Could the listing be repeated exactly, with every picture dropped?

#### Entries shown
====================

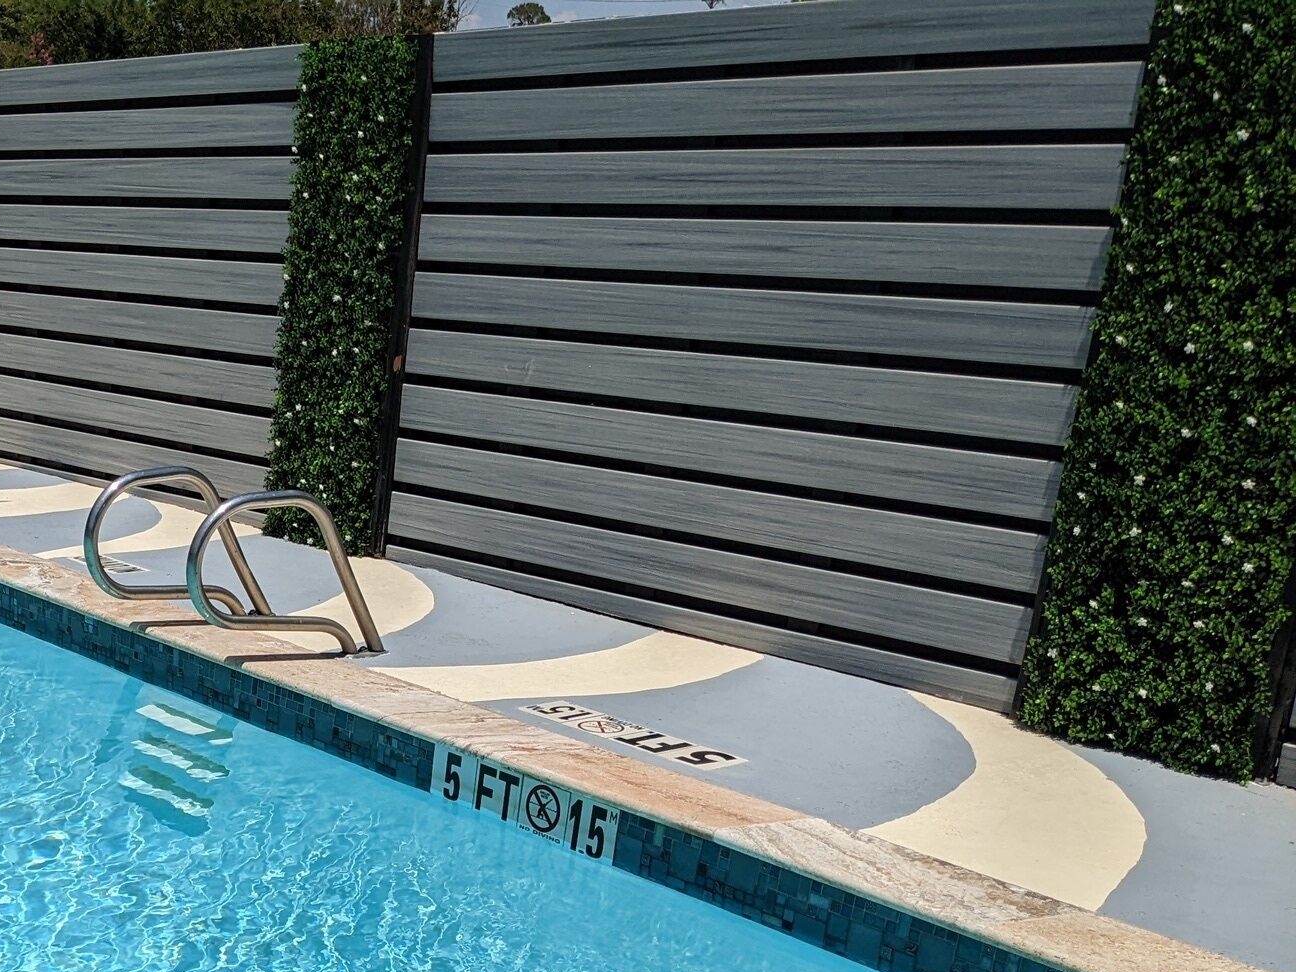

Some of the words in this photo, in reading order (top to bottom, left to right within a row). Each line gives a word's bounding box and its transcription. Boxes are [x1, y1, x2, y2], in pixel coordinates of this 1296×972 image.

[674, 750, 736, 766] 5
[443, 751, 462, 802] 5
[474, 763, 520, 822] FT
[519, 824, 531, 832] NO
[532, 829, 561, 845] DIVING
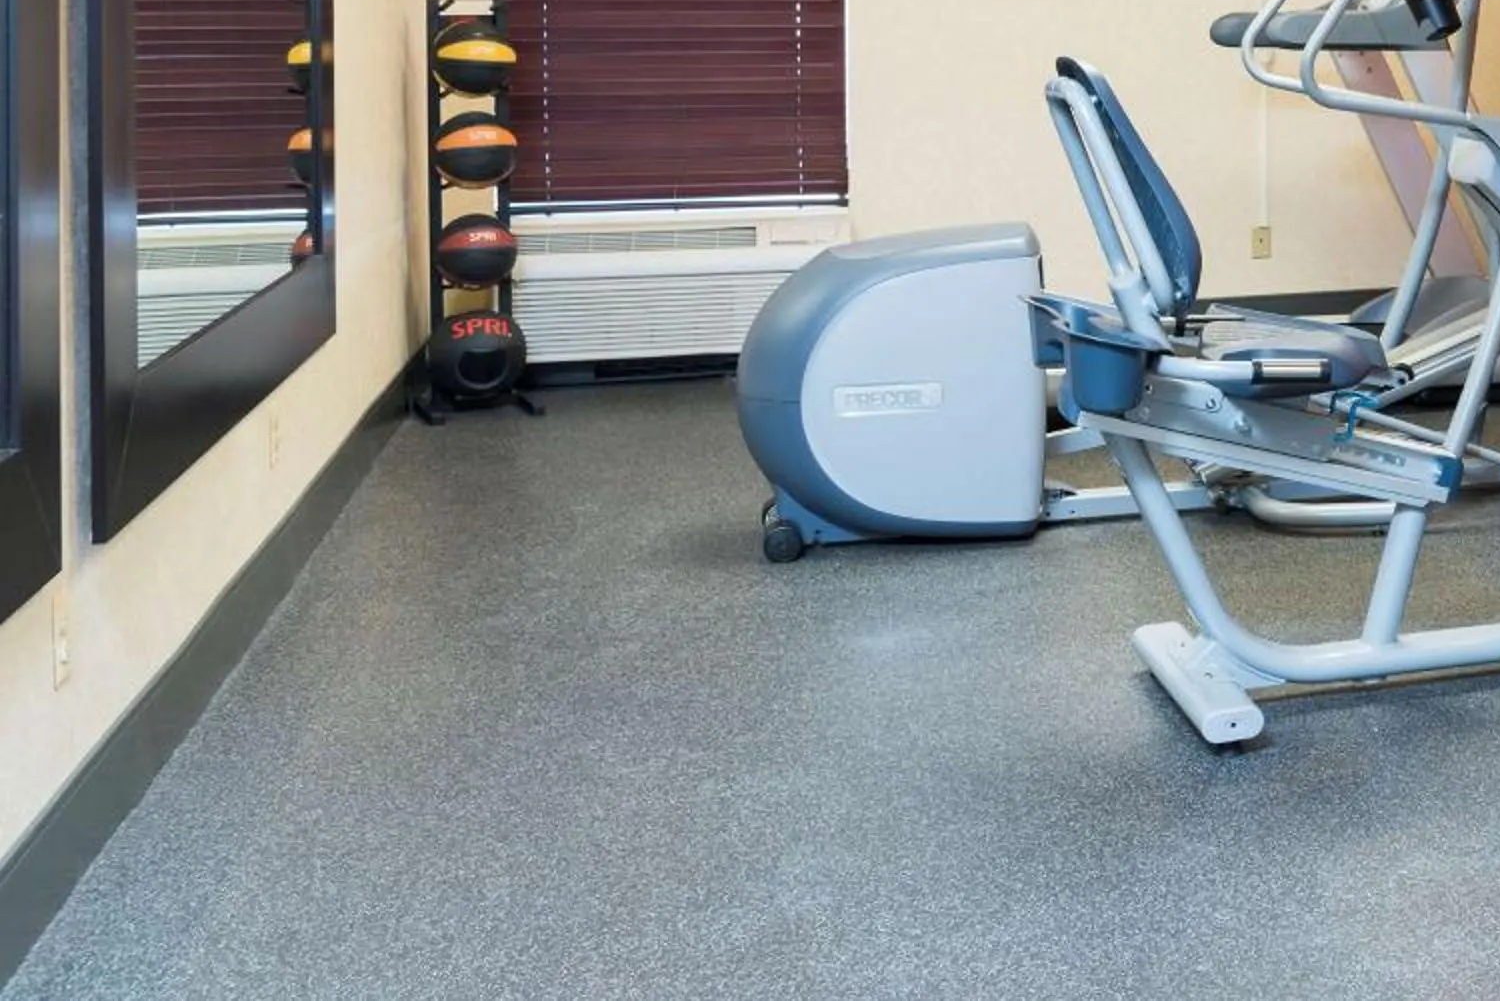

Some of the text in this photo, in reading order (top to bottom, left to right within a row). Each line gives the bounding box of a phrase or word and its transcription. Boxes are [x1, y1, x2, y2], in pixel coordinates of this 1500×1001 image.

[467, 231, 498, 244] SPRI
[451, 318, 509, 339] SPRI
[843, 389, 923, 411] PRECOR
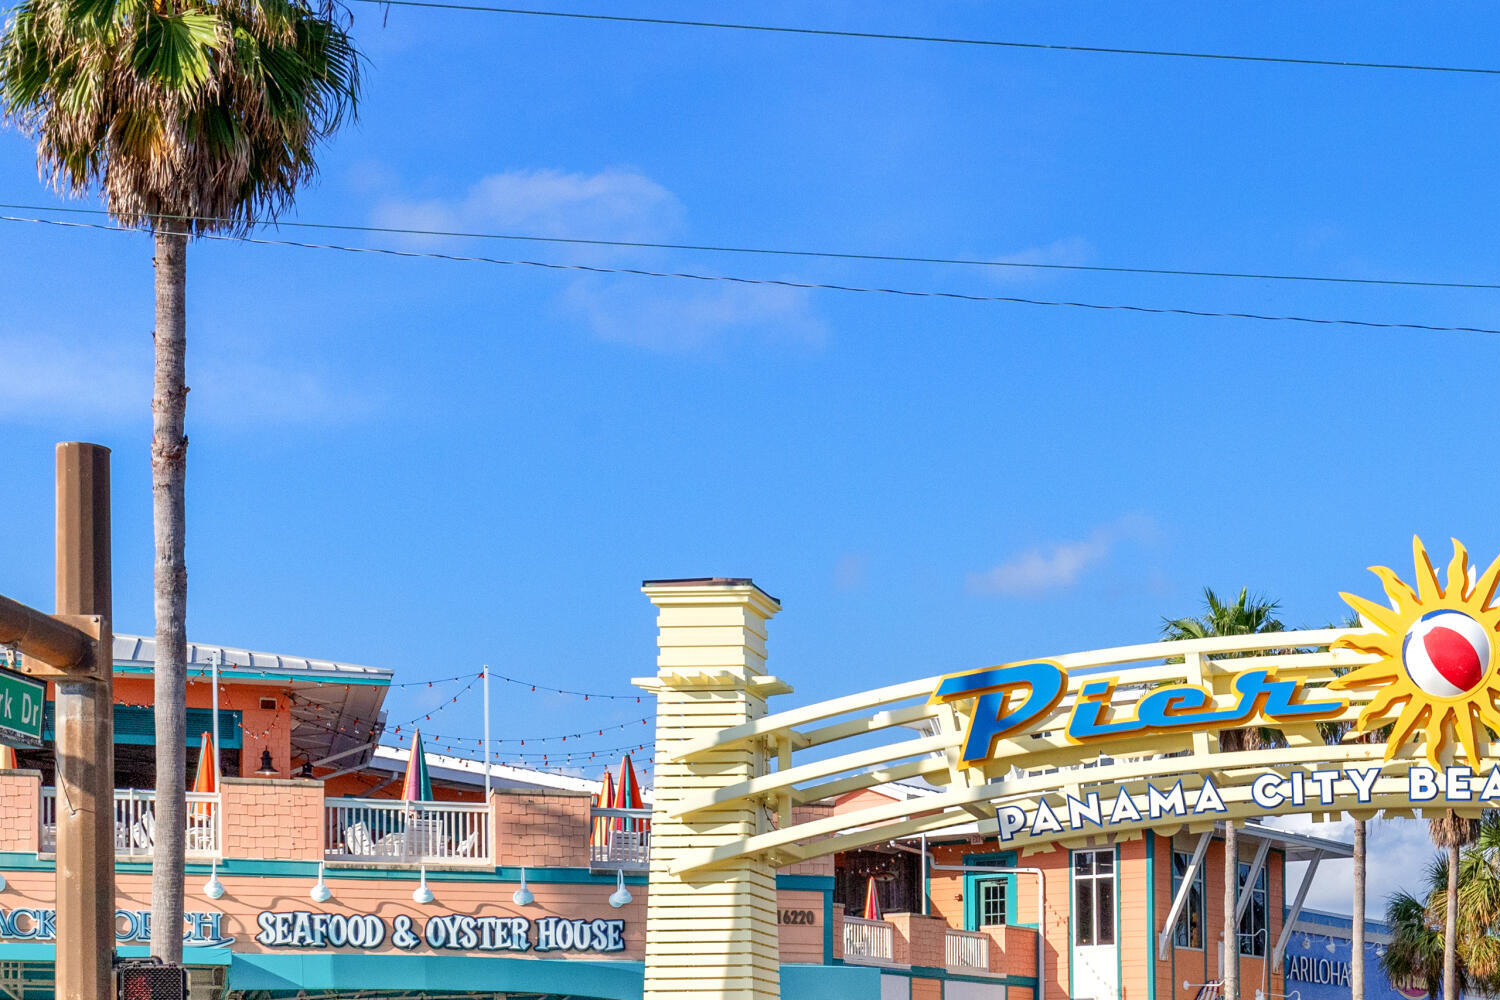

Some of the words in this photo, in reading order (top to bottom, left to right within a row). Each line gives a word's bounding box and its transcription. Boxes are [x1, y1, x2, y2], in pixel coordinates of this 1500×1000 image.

[21, 692, 39, 727] Dr
[927, 658, 1350, 770] Pier
[996, 773, 1228, 842] PANAMA
[1251, 767, 1382, 809] CITY
[0, 908, 56, 940] CK
[256, 912, 386, 949] SEAFOOD
[391, 914, 421, 951] &
[425, 914, 532, 952] OYSTER
[534, 916, 625, 952] HOUSE
[777, 910, 815, 925] 16220
[1286, 954, 1351, 987] ARILOHA

====================

#### Response area
Some of the words in this photo, in reading order (top to bottom, left to right within a row). Each line gives a word's bounding box and its transcription. Boxes are [x1, y1, x2, y2], in pixel coordinates of this 1296×972 image.

[674, 750, 736, 766] 5
[443, 751, 462, 802] 5
[474, 763, 520, 822] FT
[519, 824, 531, 832] NO
[532, 829, 561, 845] DIVING

Some of the text in this photo, in reading order (top to bottom, left to right within a row). Each line gives the bounding box of a phrase or word and its transcription. Boxes are [x1, y1, x2, y2], in pixel coordinates of this 1500×1001 image.

[467, 231, 498, 244] SPRI
[451, 318, 509, 339] SPRI
[843, 389, 923, 411] PRECOR

Some of the words in this photo, in reading order (top to bottom, left to right within a row). Each line gives a word's bounding box and its transcription. Boxes are [x1, y1, x2, y2], in pixel coordinates of this 1500×1000 image.

[21, 692, 39, 727] Dr
[927, 658, 1350, 770] Pier
[996, 773, 1228, 842] PANAMA
[1251, 767, 1382, 809] CITY
[0, 908, 56, 940] CK
[256, 912, 386, 949] SEAFOOD
[391, 914, 421, 951] &
[425, 914, 532, 952] OYSTER
[534, 916, 625, 952] HOUSE
[777, 910, 815, 925] 16220
[1286, 954, 1351, 987] ARILOHA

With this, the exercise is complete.